What the task requires ▸ Copy everything in the data below exactly except the pictures.

Data excerpts ▸
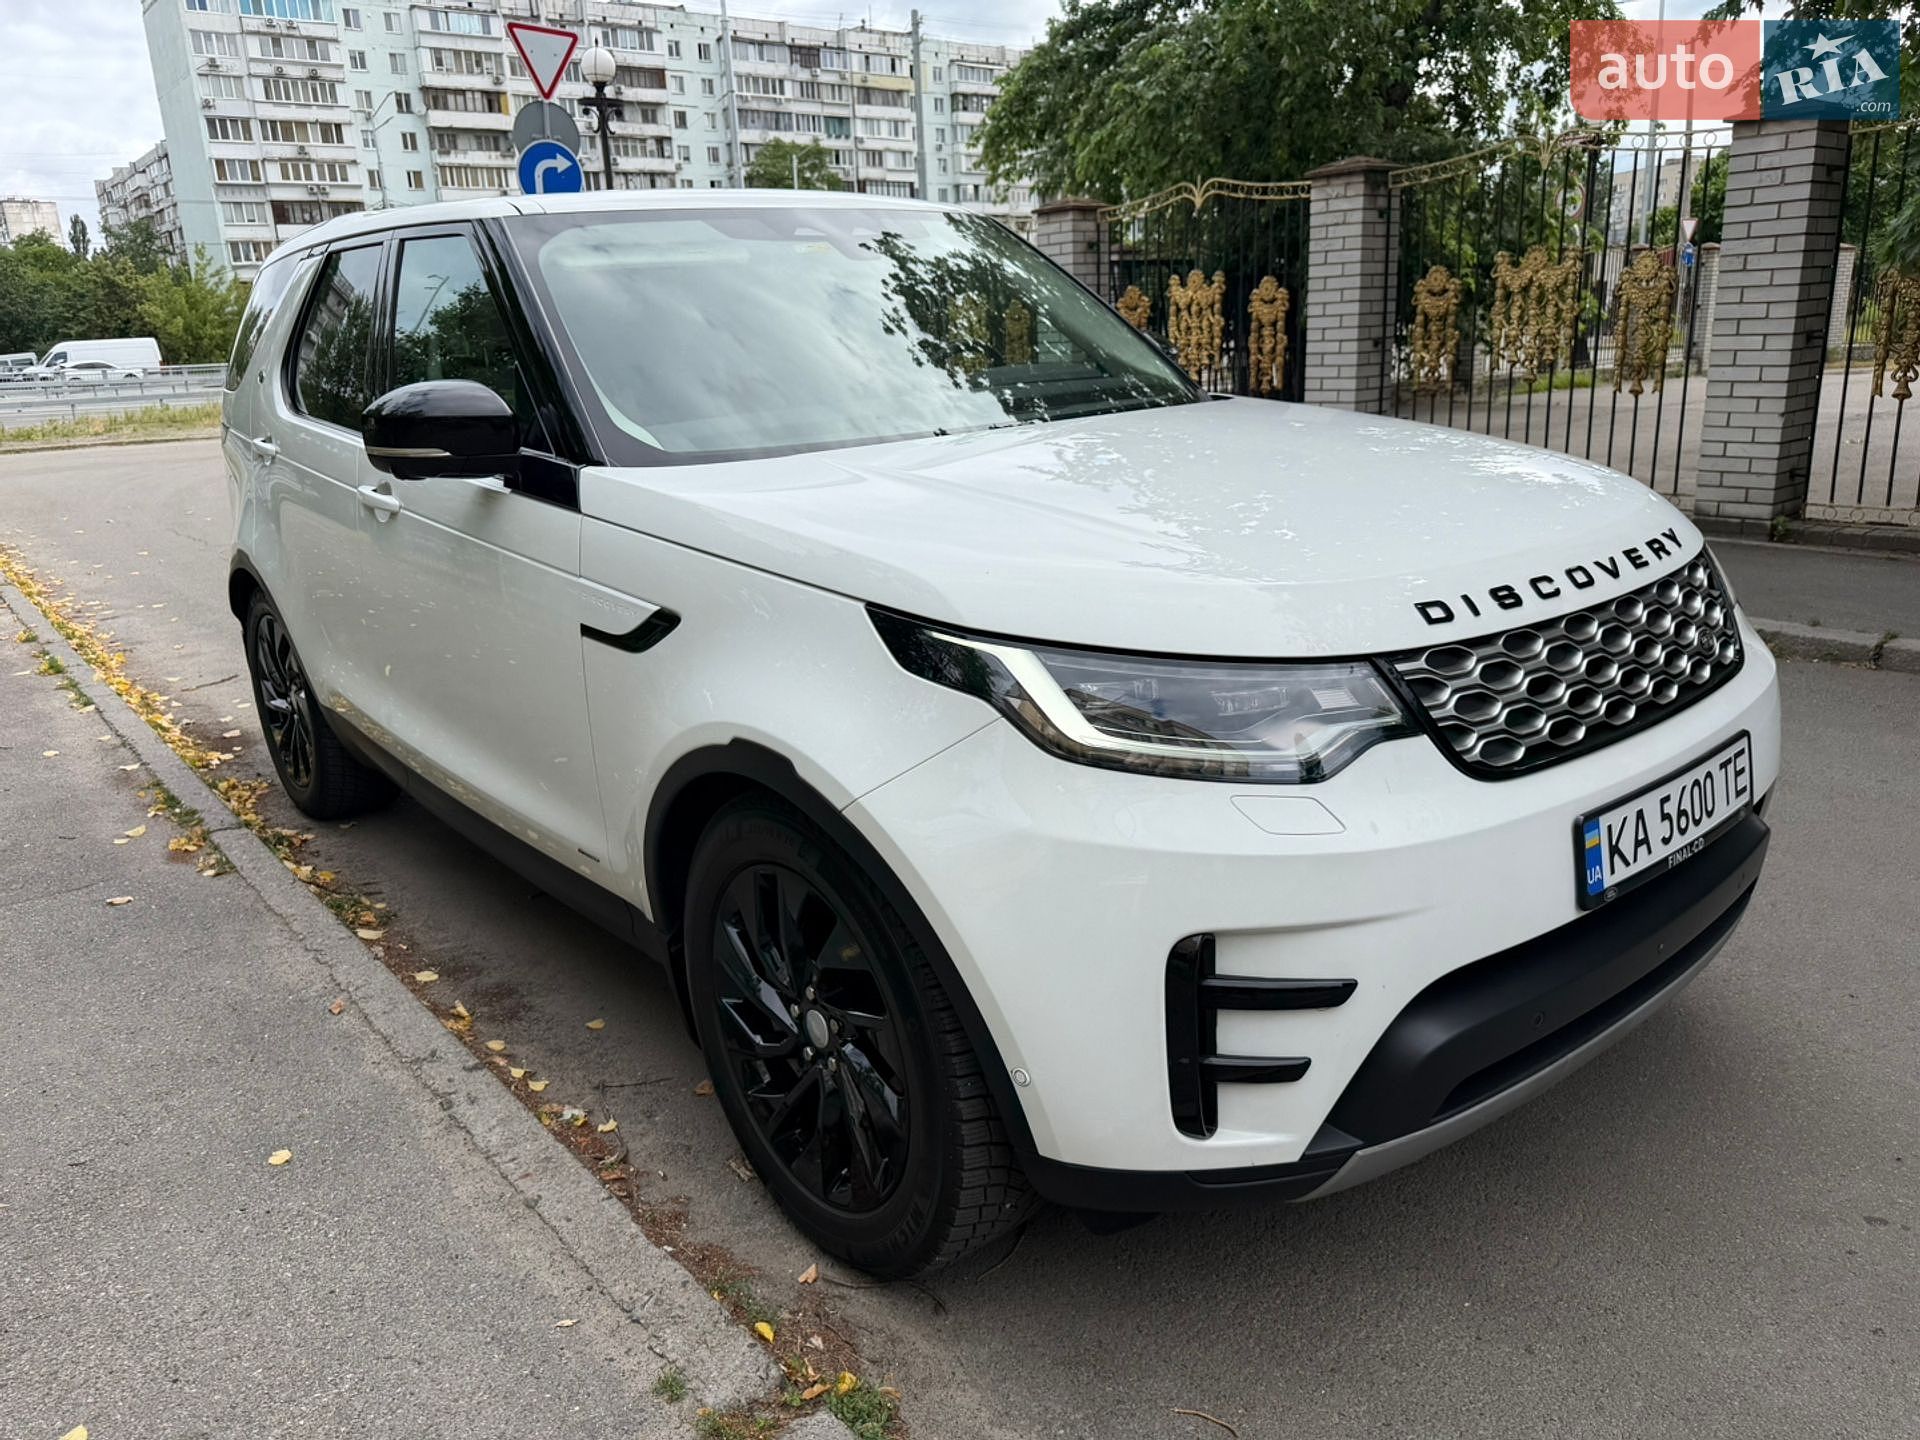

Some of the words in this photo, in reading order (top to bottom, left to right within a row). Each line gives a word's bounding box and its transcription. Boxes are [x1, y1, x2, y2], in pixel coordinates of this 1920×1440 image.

[1413, 527, 1683, 625] DISCOVERY
[1607, 808, 1652, 876] KA
[1660, 771, 1716, 846] 5600
[1719, 747, 1748, 806] TE
[1587, 866, 1602, 884] UA

Answer ▸
Some of the words in this photo, in reading order (top to bottom, left to right within a row). Each line gives a word's bounding box and its transcription. Boxes are [x1, y1, x2, y2], in pixel coordinates of this 1920×1440 image.

[1413, 527, 1683, 625] DISCOVERY
[1607, 808, 1652, 876] KA
[1660, 771, 1716, 846] 5600
[1719, 747, 1748, 806] TE
[1587, 866, 1602, 884] UA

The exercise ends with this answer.